Entro nel Vaticano della mia personale religione: la cucina con il forno acceso. Ci ho sistemato dentro un pane lunghissimo e privo di consistenza che non mangerò, ma che come un ambipur diffonde aromi sani, buoni. Positivi. E’ tempo di non bere, di lasciare i vini migliori a quando spunteranno fiorellini e frutti, di fare fioretto. La baguette sta nel forno d’acciaio ricco, tiro fuori il burro e il sale. Stracchino. Pesto aperto. Cucchiaino di maionese. Due ravioli freschi non cotti. Apro la schiacciatina secca che scrocchiola e giro la prima pagina di Gente, probabilmente il migliore peggiore giornale di sempre.

Posso sedermi solo lontana dalla porta, perchè sdraio le gambe quando mi siedo e tutti ci inciampano. Il cane si appropinqua: ci odiamo con amore, lui dorme solo accanto a me per il gusto di russarmi accanto, di disturbarmi, mentre io lo nutro più del dovuto solo per farlo diventare obeso. Un pò come nelle famiglie vere, dove l’amore certe volte ti avvelena e dove le botte nel sedere fanno meglio delle carezze, anche io e l’orrenda creatura spelacchiata abbiamo stabilito un patto di convivenza dove non ci rompiamo gli zebedei.

Le cose più belle ci arrivano dalla stanchezza, le più brutte dall’insofferenza: è incredibile che io possa amare ed essere così irritata allo stesso tempo dalla piccola, che non sta mai zitta. Non so leggere mentre preparo da mangiare mentre apparecchio mentre ascolto, quindi devo mettere da parte il giornaletto e correre.
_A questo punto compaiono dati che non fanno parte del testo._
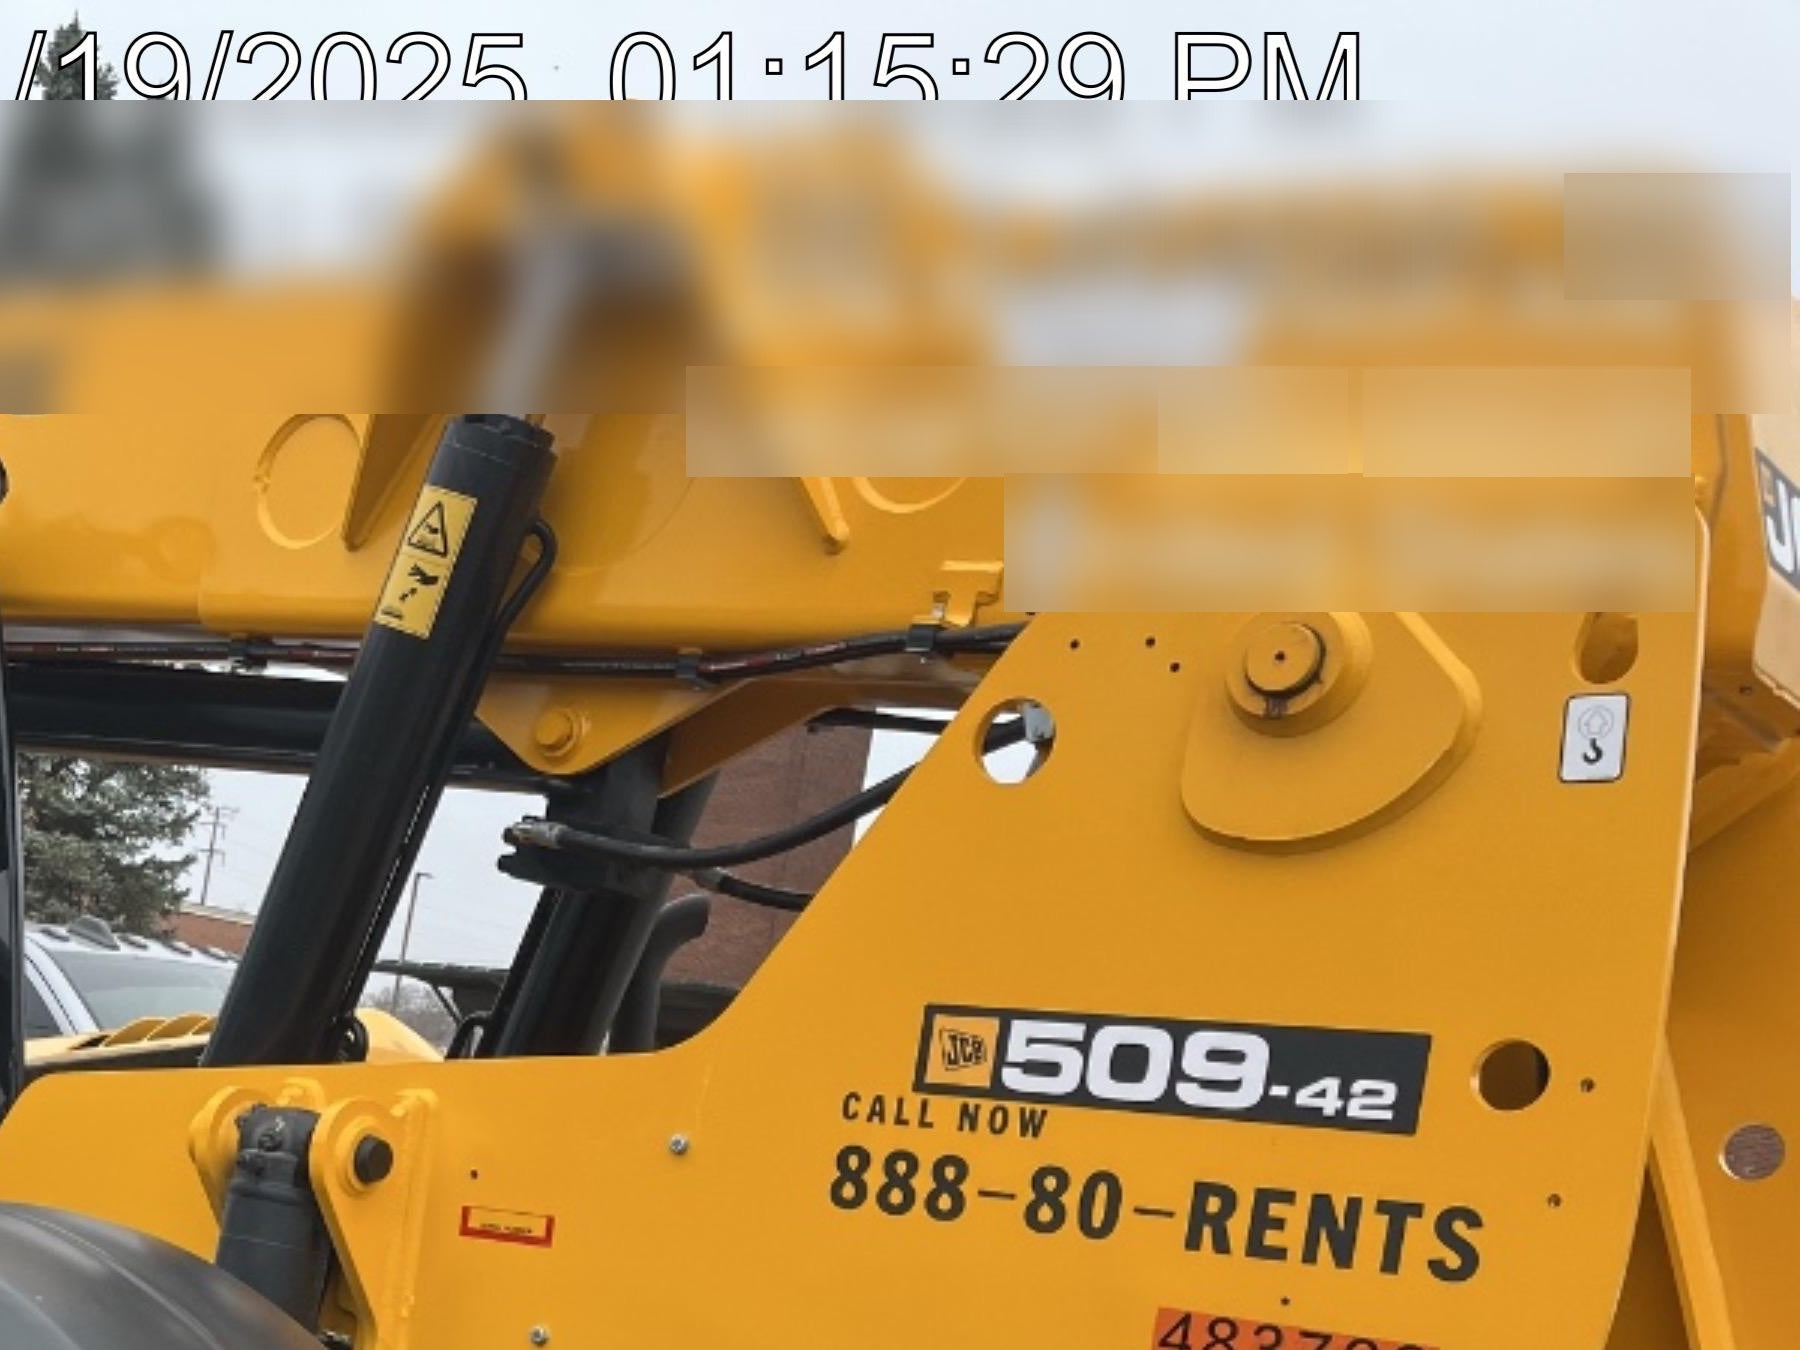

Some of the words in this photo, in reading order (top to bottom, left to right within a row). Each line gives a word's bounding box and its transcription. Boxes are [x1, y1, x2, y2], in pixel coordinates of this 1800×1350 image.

[842, 1093, 934, 1129] CALL
[957, 1103, 1048, 1138] NOW
[1001, 1019, 1397, 1121] 509-42
[830, 1144, 1485, 1283] 888-80-RENTS
Questo itinerario demente tocca alle mamme, ripenso alla mia e mi chiedo come abbia fatto con tre di queste a sopravvivere alla famiglia: ascolta il bisogno, rispondi, soddisfa, ascolta il nuovo bisogno, rispondi, soddisfa. Nel frattempo ricordati della bioraria. E chiudi le finestre quando è buio. Operazioni manuali, ripetute all’infinito, che mi tolgono il bianco dagli occhi.
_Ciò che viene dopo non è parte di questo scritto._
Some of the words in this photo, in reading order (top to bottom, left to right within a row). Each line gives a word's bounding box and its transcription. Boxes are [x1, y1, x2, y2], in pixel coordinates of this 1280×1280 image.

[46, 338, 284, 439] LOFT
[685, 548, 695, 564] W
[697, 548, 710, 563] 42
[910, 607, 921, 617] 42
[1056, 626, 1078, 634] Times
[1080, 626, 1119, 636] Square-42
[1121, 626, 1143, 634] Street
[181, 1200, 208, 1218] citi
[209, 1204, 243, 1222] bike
Facciamo festa, dico alla piccola donna. Non posso essere quella che sta col muso di Venerdì. Cosa vuoi fare, piccola? – Si è spaccata il labbro stasera, saltando su Winnie The Pooh gonfiabile, una specie di seggiola sotto vuoto e pelosa: è rimbalzata ed è cascata di faccia. Poi ha rovesciato lo yogurt, tutto, per pulirsi la bocca. Poi ha bevuto la Fanta dalla bottiglietta, si è ingozzata, ha fatto il verso del vomito e ha sputato tutto in terra: ho dato il cencio. Dò il cencio, spesso. Le ho messo il ghiaccio, poi le ho dato il gelato tanto avevamo anche la scusa, e abbiamo parlato. Ho ascoltato più che altro, i bambini perdono interesse velocemente. “Voglio addormentarmi con te alla televisione”. Non le è permesso, mai, ma stasera sì.
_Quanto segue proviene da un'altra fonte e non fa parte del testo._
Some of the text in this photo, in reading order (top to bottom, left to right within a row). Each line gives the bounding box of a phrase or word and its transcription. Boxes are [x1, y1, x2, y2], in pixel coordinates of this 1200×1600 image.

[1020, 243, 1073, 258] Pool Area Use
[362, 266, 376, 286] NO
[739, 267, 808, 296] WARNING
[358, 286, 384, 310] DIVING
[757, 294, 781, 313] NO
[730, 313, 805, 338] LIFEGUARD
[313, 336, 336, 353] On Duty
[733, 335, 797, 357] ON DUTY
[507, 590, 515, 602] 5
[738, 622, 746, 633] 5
Domani sarà il giornalaio, il caffè caldo con due brioches: quella alla crema e quella ai mirtilli, che questa secchissima creatura si mangia ogni mattina. Con i quotidiani, il cane, il pane fresco e i tacchi altissimi arriveremo al nostro tavolino del bar giallo con le cameriere gentili. Passeremo davanti alle case delle persone che vediamo da trentanni senza condividerci niente e le saluteremo con la stessa felicità. Mi diranno che la bambina è cresciuta, diremo loro Buongiorno Signora tutte impettite e con la faccia in su, se no non si sente e non si vede.

Poi parleremo di Sofia, di Letizia, di Alessia, Andrea, Gaia, le maestre e i segreti che non si possono dire – a quegli altri. Rideremo delle solite cose, mi arrabbierò perchè vuole l’estathea freddo gelato e fa male al pancino. Vivo nell’oblio di una gioia espansa, costante, pregando che duri così senza scossoni. Penso alla mamma delle bambine e a quella dei bambini bruciati nel campo, e mi chiedo di nuovo come si faccia a non avere un bottone che, in quei casi, ci possa far spengere subito. Senza ulteriore dolore.